Supplied data section start

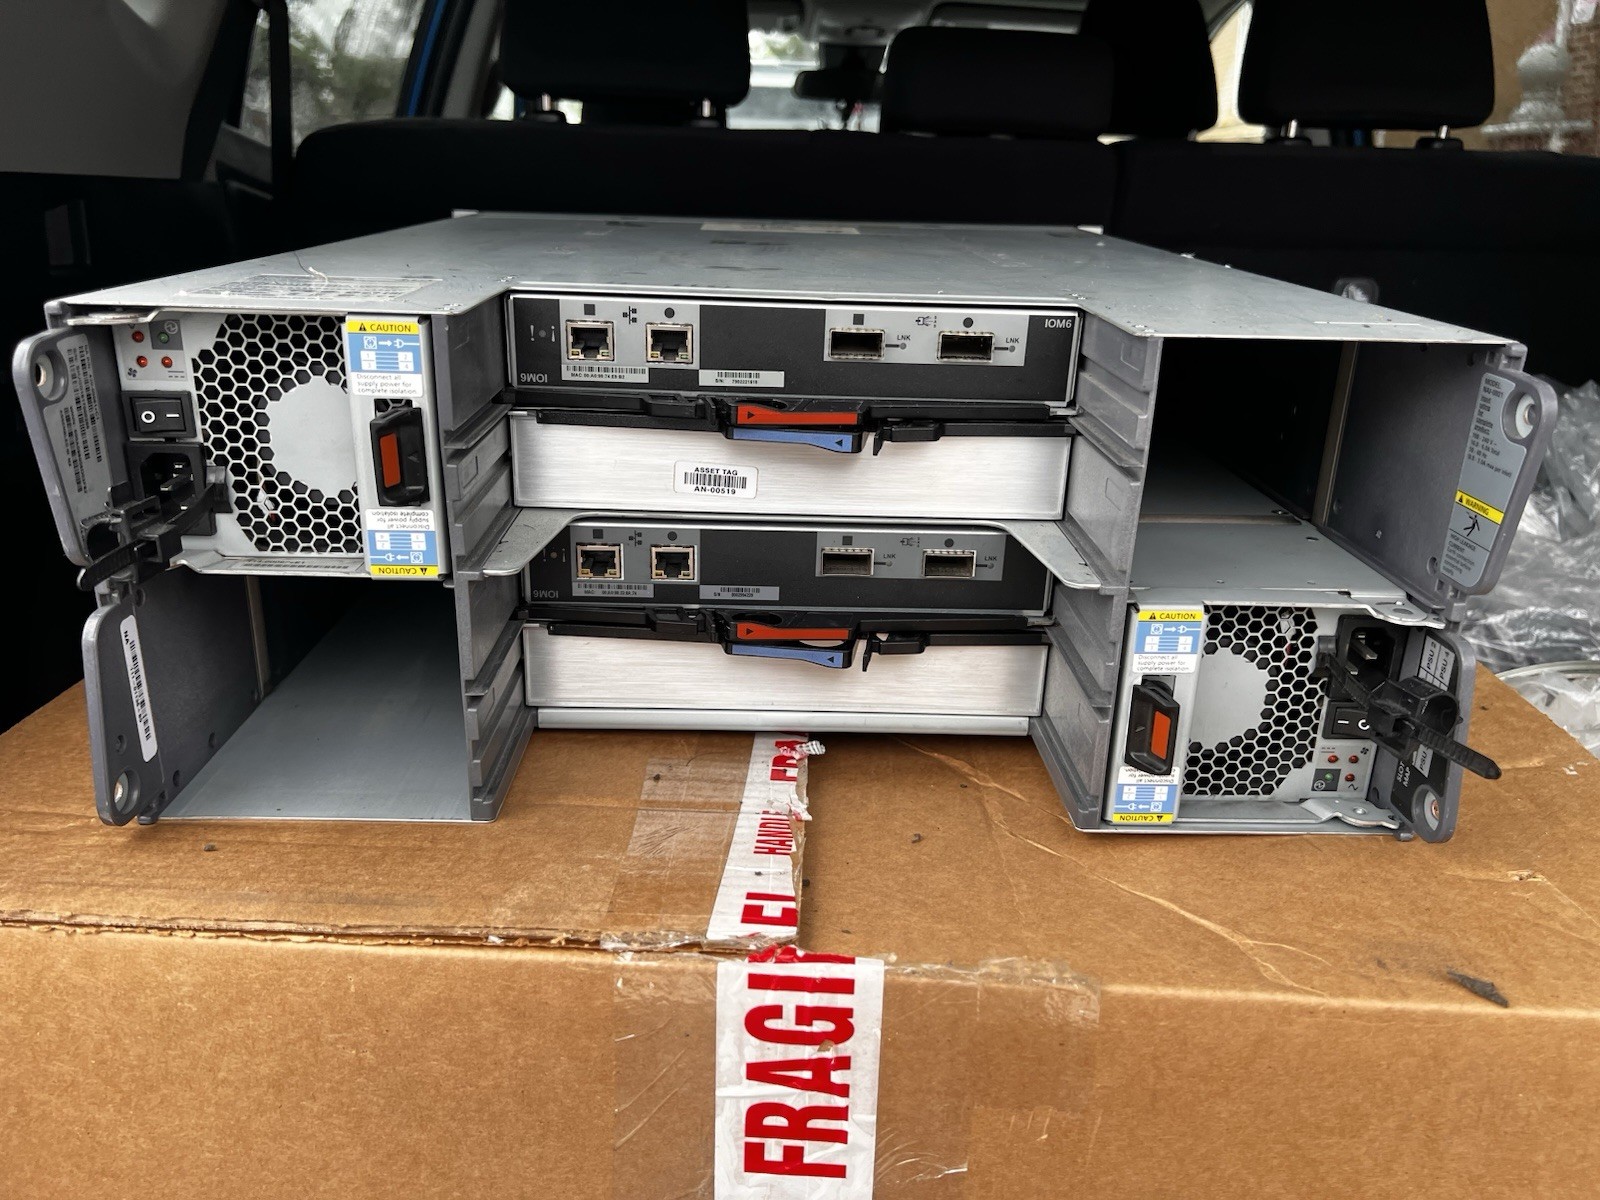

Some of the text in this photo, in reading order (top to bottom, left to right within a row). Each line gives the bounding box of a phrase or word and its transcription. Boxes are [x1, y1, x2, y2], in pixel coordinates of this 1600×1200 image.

[369, 324, 411, 332] CAUTION
[1044, 318, 1072, 329] IOM6
[520, 372, 548, 383] IOM6
[694, 486, 736, 495] AN-00519
[1465, 498, 1489, 515] WARNING
[378, 567, 417, 575] CAUTION
[533, 589, 559, 599] IOM6
[1426, 641, 1436, 670] PSU 2
[1440, 658, 1448, 680] PSU
[1419, 750, 1428, 771] PSU
[1397, 760, 1405, 782] SLOT
[1403, 766, 1411, 787] MAP

Supplied data section end

■ **What is needed**
Could you transcribe the records above exactly, leaving out any pictures?

■ **Answer to this problem**
Some of the text in this photo, in reading order (top to bottom, left to right within a row). Each line gives the bounding box of a phrase or word and its transcription. Boxes are [x1, y1, x2, y2], in pixel coordinates of this 1600×1200 image.

[369, 324, 411, 332] CAUTION
[1044, 318, 1072, 329] IOM6
[520, 372, 548, 383] IOM6
[694, 486, 736, 495] AN-00519
[1465, 498, 1489, 515] WARNING
[378, 567, 417, 575] CAUTION
[533, 589, 559, 599] IOM6
[1426, 641, 1436, 670] PSU 2
[1440, 658, 1448, 680] PSU
[1419, 750, 1428, 771] PSU
[1397, 760, 1405, 782] SLOT
[1403, 766, 1411, 787] MAP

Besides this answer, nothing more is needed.